11. An abrasive blast cleaning machine as claimed in claim 8, wherein said means for clearing said second inlet opening of abrasive media comprises a further inlet communicating with a teroidal member having a plurality of openings to direct blasts of air into said region of said second opening to clear said region of abrasive material to enable the valve member to sealingly close said second inlet.

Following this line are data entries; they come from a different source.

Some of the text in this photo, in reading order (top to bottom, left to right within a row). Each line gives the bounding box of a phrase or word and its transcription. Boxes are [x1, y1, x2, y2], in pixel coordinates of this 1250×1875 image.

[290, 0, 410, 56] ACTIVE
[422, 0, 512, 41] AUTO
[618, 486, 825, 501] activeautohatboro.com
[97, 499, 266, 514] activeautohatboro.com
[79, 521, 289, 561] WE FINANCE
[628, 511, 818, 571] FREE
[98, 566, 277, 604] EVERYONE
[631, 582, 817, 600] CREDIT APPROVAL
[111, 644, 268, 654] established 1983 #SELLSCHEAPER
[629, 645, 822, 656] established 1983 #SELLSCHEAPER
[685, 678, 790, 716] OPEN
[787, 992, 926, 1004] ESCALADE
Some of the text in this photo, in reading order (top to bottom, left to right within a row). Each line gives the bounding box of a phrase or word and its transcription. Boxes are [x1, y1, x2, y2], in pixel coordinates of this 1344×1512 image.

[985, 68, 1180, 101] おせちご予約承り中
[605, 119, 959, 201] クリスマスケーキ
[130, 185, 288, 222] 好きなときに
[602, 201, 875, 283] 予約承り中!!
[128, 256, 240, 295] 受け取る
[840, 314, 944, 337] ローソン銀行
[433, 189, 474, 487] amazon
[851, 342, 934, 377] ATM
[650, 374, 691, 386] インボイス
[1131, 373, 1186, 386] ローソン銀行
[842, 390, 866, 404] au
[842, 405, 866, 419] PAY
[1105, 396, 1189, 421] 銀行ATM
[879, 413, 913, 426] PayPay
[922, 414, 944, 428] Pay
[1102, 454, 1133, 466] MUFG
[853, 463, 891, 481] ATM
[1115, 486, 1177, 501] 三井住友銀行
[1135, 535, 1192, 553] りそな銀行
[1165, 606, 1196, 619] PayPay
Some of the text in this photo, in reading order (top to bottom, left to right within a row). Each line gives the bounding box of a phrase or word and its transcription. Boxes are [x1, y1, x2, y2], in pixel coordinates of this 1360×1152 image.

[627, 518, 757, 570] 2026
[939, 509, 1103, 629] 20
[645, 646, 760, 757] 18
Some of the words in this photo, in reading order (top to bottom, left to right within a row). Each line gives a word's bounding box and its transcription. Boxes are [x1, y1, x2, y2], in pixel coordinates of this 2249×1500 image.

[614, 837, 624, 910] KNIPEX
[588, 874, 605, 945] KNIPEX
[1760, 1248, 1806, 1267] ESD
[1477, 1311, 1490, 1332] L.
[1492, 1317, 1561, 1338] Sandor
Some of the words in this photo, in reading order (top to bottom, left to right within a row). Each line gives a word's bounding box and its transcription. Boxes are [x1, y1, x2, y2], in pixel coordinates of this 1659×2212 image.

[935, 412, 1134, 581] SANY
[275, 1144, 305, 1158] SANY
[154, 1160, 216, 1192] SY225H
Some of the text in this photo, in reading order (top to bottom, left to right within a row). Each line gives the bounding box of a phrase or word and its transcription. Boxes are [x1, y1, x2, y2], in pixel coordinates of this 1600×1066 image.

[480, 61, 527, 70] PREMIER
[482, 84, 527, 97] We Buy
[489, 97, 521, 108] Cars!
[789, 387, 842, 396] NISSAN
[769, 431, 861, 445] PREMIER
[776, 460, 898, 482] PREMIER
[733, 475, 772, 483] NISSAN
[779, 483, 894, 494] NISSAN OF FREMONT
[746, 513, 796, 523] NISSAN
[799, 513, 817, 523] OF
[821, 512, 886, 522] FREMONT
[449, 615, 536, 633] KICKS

1 2. An abrasive blast cleaning machine as claimed in claim 8, wherein openings are provided in said pop-up valve and/or in a valve seat, which is engaged by said pop-up valve, through which openings blasts of compressed air may be directed to the region of said second inlet to clear abrasive media from the region of said second inlet to enable said valve member to sealingly close said second inlet.

1 3. An abrasive blast cleaning machine as claimed in any of claims 1 to 11, wherein a valve seat is provided in said second inlet for mutual engagement by said valve member, said valve seat being formed of a collar located between said storage vessel and said pressure vessel.

14. An abrasive blast cleaning machine as claimed in claim 13, wherein said valve seat comprises a plastics material collar.

1 5. An abrasive blast cleaning machine as claimed in claim 13, wherein said seat comprises a natural rubber collar.

16. An abrasive blast cleaning machine as claimed in claim 13, wherein said seat comprises a metal collar supporting an O-ring.

1 7. An abrasive blast cleaning machine as claimed in any of claims 13 to 16, wherein a flange is provided at the lower end of the storage vessel which extends partially into said second inlet in order to slightly narrow said second inlet to minimise the possibility of the valve member passing therethrough, in use.

1 8. An abrasive blast cleaning machine as claimed in any preceding claim, wherein abrasive media under pressure extracted from said outlet of said pressure vessel and through said valve is mixed with compressed air and supplied to a blast hose terminated in a nozzle for directing the abrasive media and air mixture at an article to be cleaned.

1 9. An abrasive blast cleaning machine as claimed in any preceding claim, wherein a water separation device is included in the air supply to said blast cleaning machine to remove moisture from said compressed air to minimise condensation in the pressure vessel.

20. An abrasive blast cleaning machine as claimed in any preceding claim wherein pneumatic control means are provided for enabling control of the functioning of the blast machine remotely therefrom.

21. An abrasive blast cleaning machine as claimed in any preceding claims and substantially as herein described with reference to Figs. 1, 3a, 3c, 4, 5 and 5a of the accompanying drawings.